* ACTIVITY *
Retype the data below exactly, skipping pictures.
=== Section Start ===
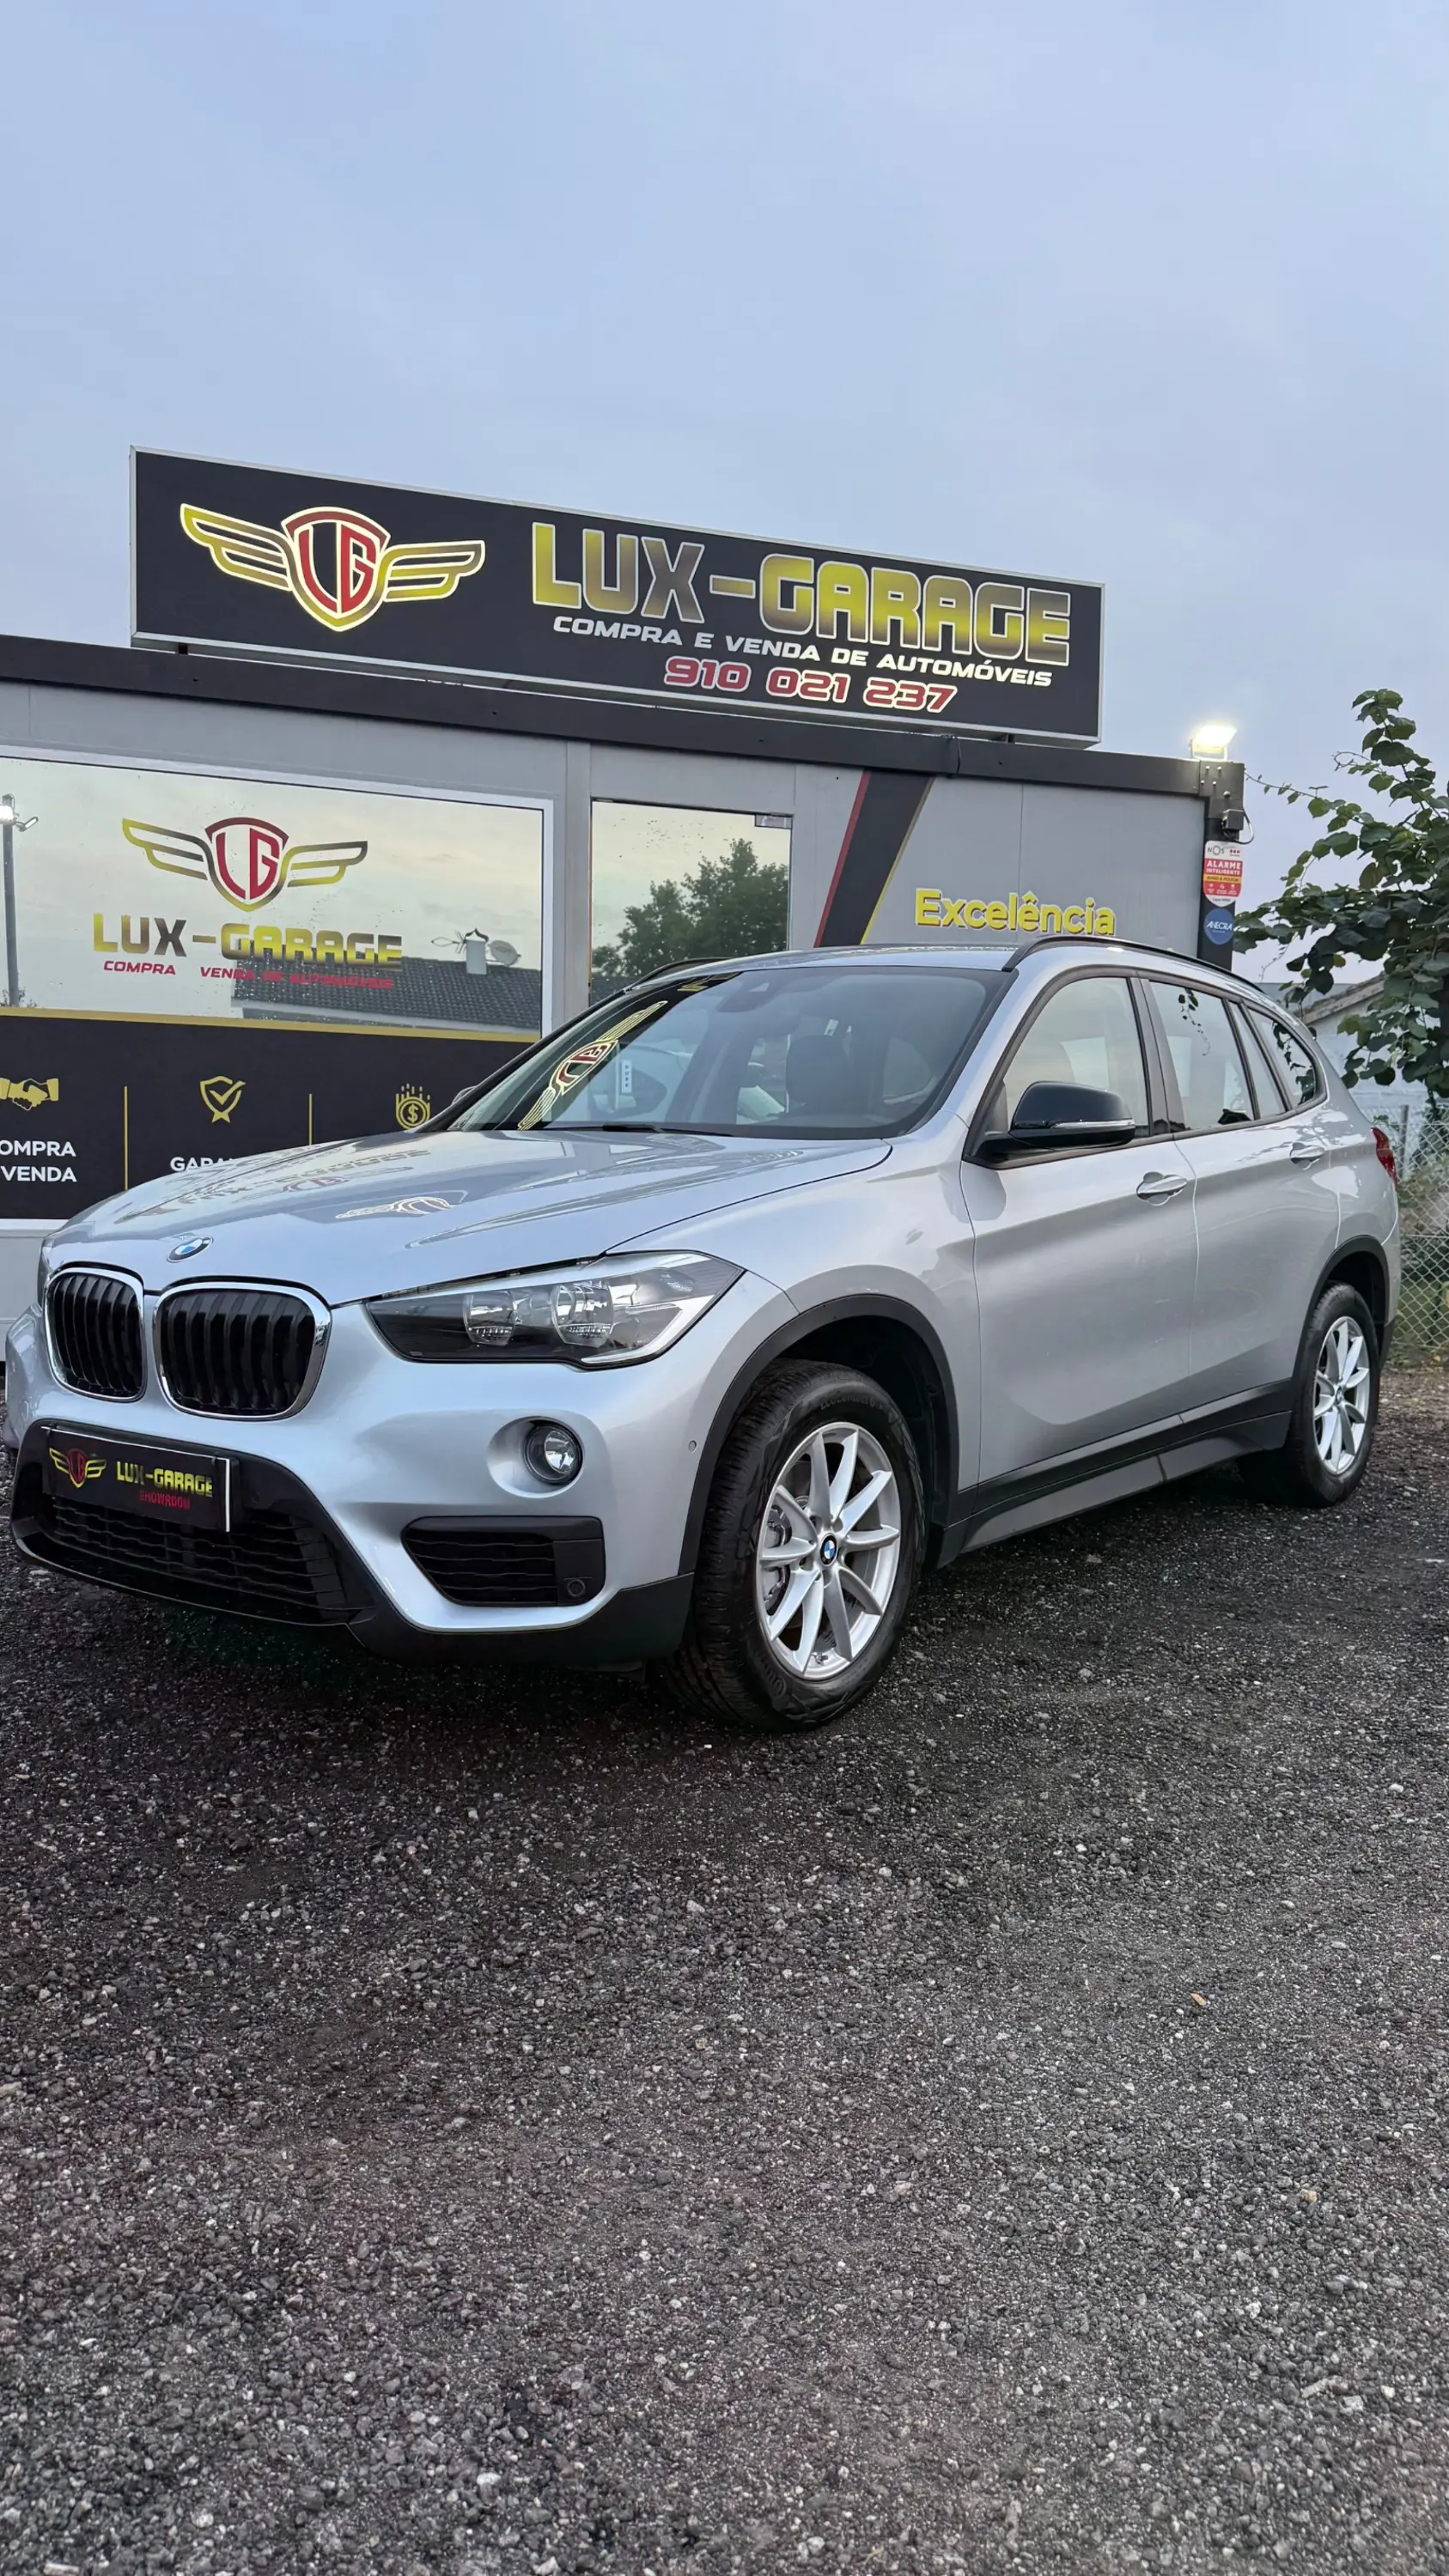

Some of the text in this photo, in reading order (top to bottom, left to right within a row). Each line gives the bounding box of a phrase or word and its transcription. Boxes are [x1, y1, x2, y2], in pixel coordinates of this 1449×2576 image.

[532, 522, 1071, 666] LUX-GARAGE
[553, 616, 1052, 687] COMPRA E VENDA DE AUTOMÓVEIS
[663, 655, 958, 714] 910 021 237
[1207, 860, 1241, 871] ALARME
[915, 887, 1116, 936] Excelência
[93, 913, 402, 972] LUX-GARAGE
[103, 960, 176, 975] COMPRA
[200, 966, 255, 981] VENDA
[0, 1139, 76, 1157] OMPRA
[0, 1165, 77, 1182] VENDA
[116, 1461, 213, 1498] LUX-GARAGE
[139, 1490, 191, 1510] SHOWROOM
=== Section End ===
* ANSWER TO THIS TASK *
Some of the text in this photo, in reading order (top to bottom, left to right within a row). Each line gives the bounding box of a phrase or word and its transcription. Boxes are [x1, y1, x2, y2], in pixel coordinates of this 1449×2576 image.

[532, 522, 1071, 666] LUX-GARAGE
[553, 616, 1052, 687] COMPRA E VENDA DE AUTOMÓVEIS
[663, 655, 958, 714] 910 021 237
[1207, 860, 1241, 871] ALARME
[915, 887, 1116, 936] Excelência
[93, 913, 402, 972] LUX-GARAGE
[103, 960, 176, 975] COMPRA
[200, 966, 255, 981] VENDA
[0, 1139, 76, 1157] OMPRA
[0, 1165, 77, 1182] VENDA
[116, 1461, 213, 1498] LUX-GARAGE
[139, 1490, 191, 1510] SHOWROOM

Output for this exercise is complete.